712. Accentor nepalensis.
The Eastern Alpine Accentor.
Accentor nipalensis, Hodgs., Blyth, J. A. S. B. xii, p. 958 (1843); Blyth, Cat. p. 130; Horsf. & M. Cat. i, p. 359 ; Jerd. B. I. ii, p. 286 ; Blanf. J. A. S. B. xli, pt. ii, p. 63; Hume & Hend. Lah. to Yark. p. 234; Hume, Cat. no. 652; Biddulph, Ibis, 1881, p. 74; 1882, p. 281; Scully, Ibis, 1881, p. 568 ; Sharpe, Cat. B. M. vii, p. 664. Accentor cacharensis, Hodgs. P. Z. S. 1845, p. 34.
The Large Himalayan Accentor, Jerd.
Coloration. Forehead, crown, nape, and hind neck grayish brown, with indistinct darker streaks; back dark brown, edged with rufous-brown; rump and upper tail-coverts pale rufous, with blackish shaft-streaks ; lesser wing-coverts greyish brown ; all the other coverts blackish, tipped with white ; scapulars and tertiaries black, edged with ferruginous; the other quills dark brown, narrowly edged and tipped with rufous ; tail dark brown, each inner web tipped with a spot, which is white on the outer feathers and gradually turns to rufous on the inner ; chin and throat white barred with black; sides of head, sides of neck, and the breast greyish brown ; the region of the eye speckled with white ; middle of the abdomen rufous-grey, barred with white and brown; under tail-coverts chestnut-brown, broadly edged with white ; sides of body and flanks dark ferruginous, some of the feathers near the thighs narrowly margined with white.

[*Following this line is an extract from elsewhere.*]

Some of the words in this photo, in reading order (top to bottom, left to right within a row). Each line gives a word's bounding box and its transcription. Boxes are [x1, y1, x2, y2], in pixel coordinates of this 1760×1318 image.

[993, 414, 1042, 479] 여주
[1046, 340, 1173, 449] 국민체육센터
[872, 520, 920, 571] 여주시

Base of upper mandible from nostril to gape, the gape, and base of lower mandible bright yellow ; rest of bill black ; iris very dark brown; legs and feet very pale reddish brown, almost fleshy (Hume).

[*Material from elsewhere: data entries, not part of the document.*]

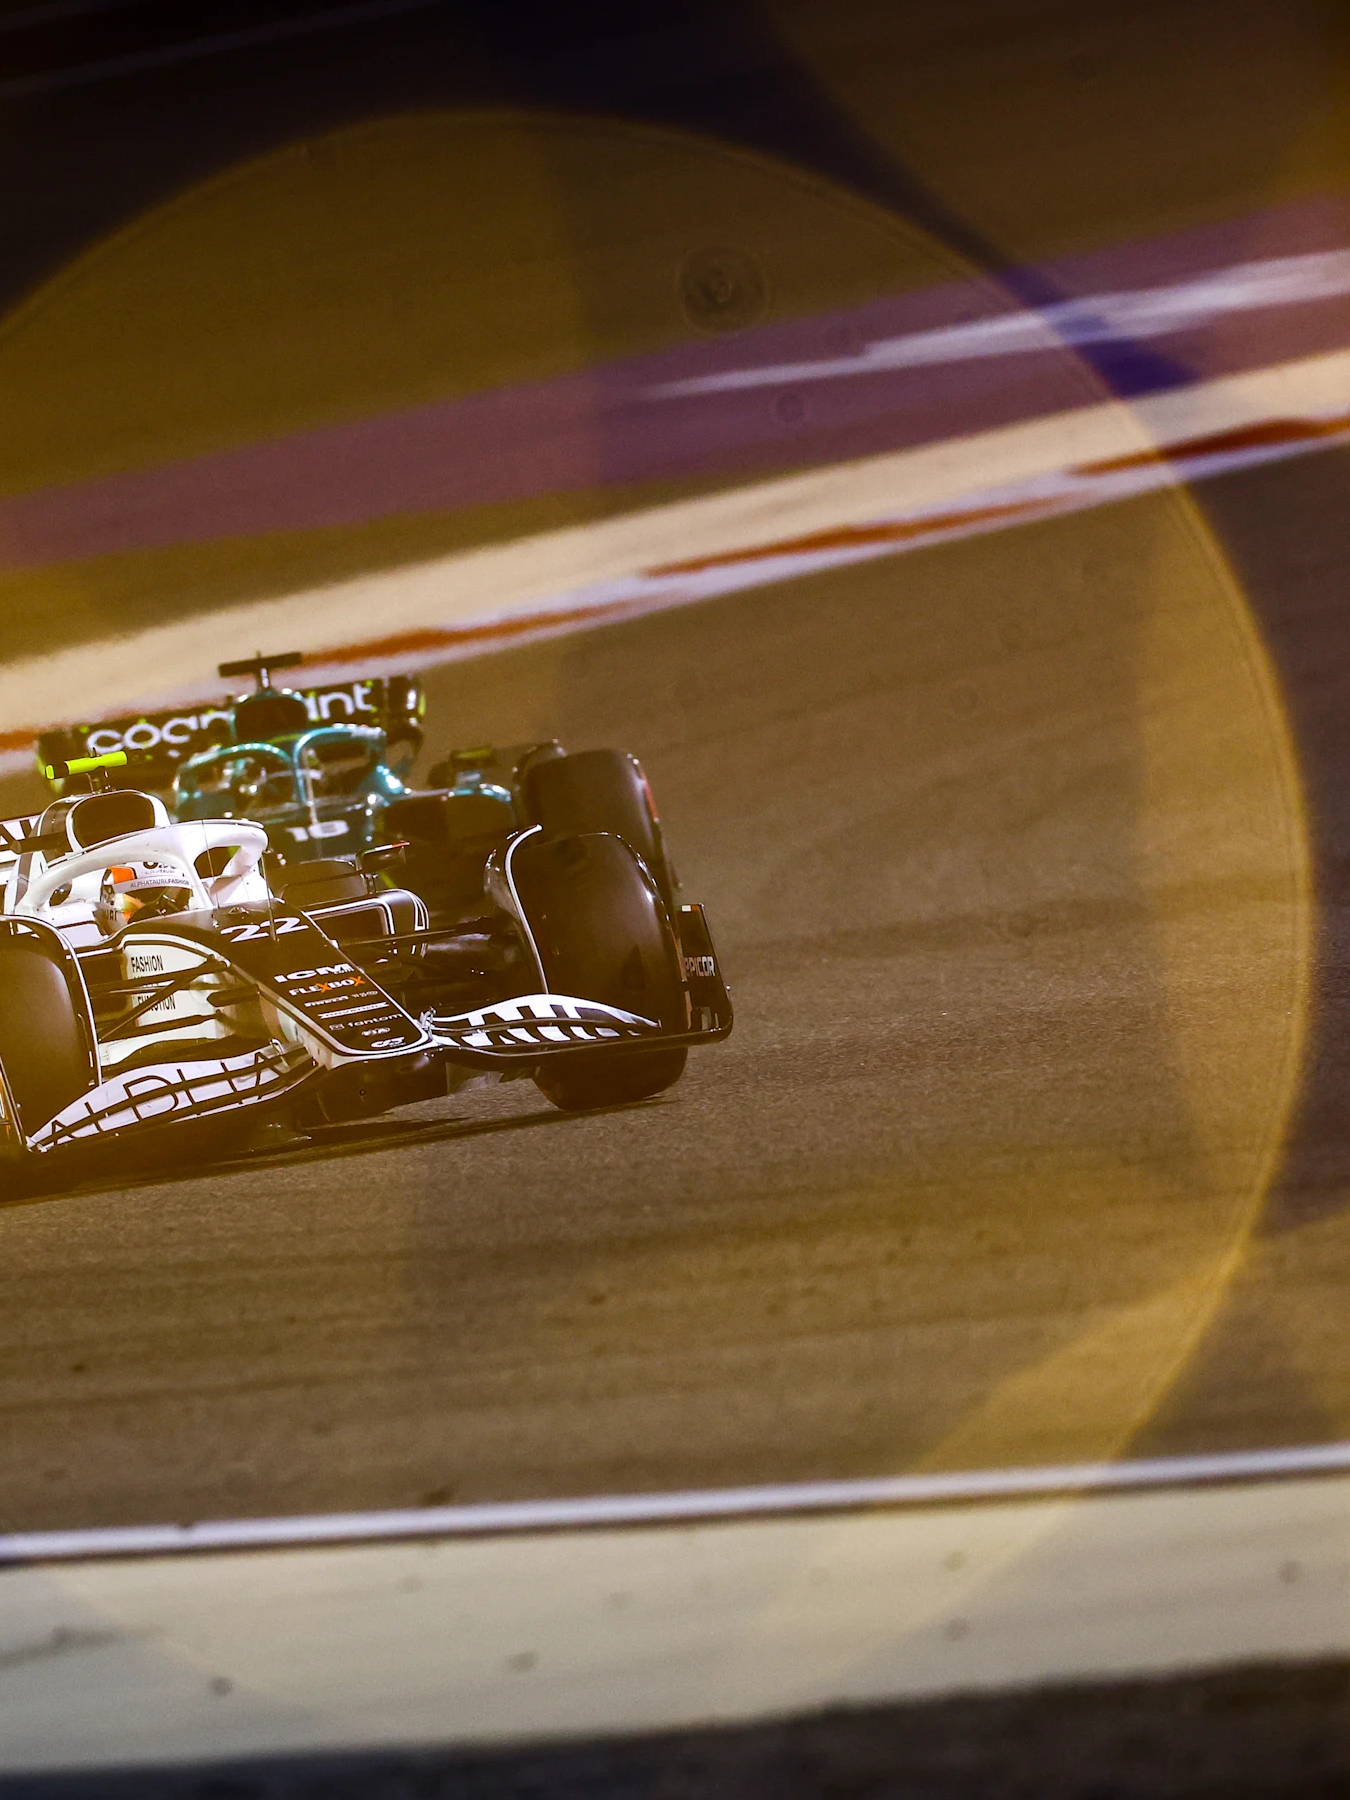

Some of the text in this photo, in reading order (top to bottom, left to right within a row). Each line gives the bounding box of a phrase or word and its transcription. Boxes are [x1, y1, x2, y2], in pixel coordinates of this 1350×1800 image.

[220, 917, 310, 943] 22
[131, 954, 164, 973] FASHION
[274, 963, 352, 983] ICM
[288, 975, 366, 997] FLEXBOX
[347, 1013, 403, 1028] fantom

Length about 7; tail 2.8; wing 4 ; tarsus .95 ; bill from gape .65.
This species is allied to the European A. collaris, from which it differs in being very richly coloured, and in having the second primary equal to or shorter than the sixth, whereas in A. collaris the second primary is much longer than the sixth. A. nepalensis has, moreover, few white margins on the flanks, and is not so much barred beneath. Gilgit examples of A. nepalensis are paler than typical birds, but do not otherwise differ. Afghan specimens are still paler, and in Asia Minor an intermediate race is found. A. rufilatus, Severtzow, from Turkestan, appears to me to be identical with A. nepalensis. A. erythropygius, Swinhoe, from China, differs from the present species in having very rufous upper tail-coverts, and is doubtfully distinct.
Distribution. The Himalayas from Afghanistan and Gilgit to Sikhim, at very high elevations, Blanford recording this species from 14,000 feet. I have seen specimens from Sikhim killed in every month of the year, but in Gilgit this Accentor is represented to be merely a winter visitor.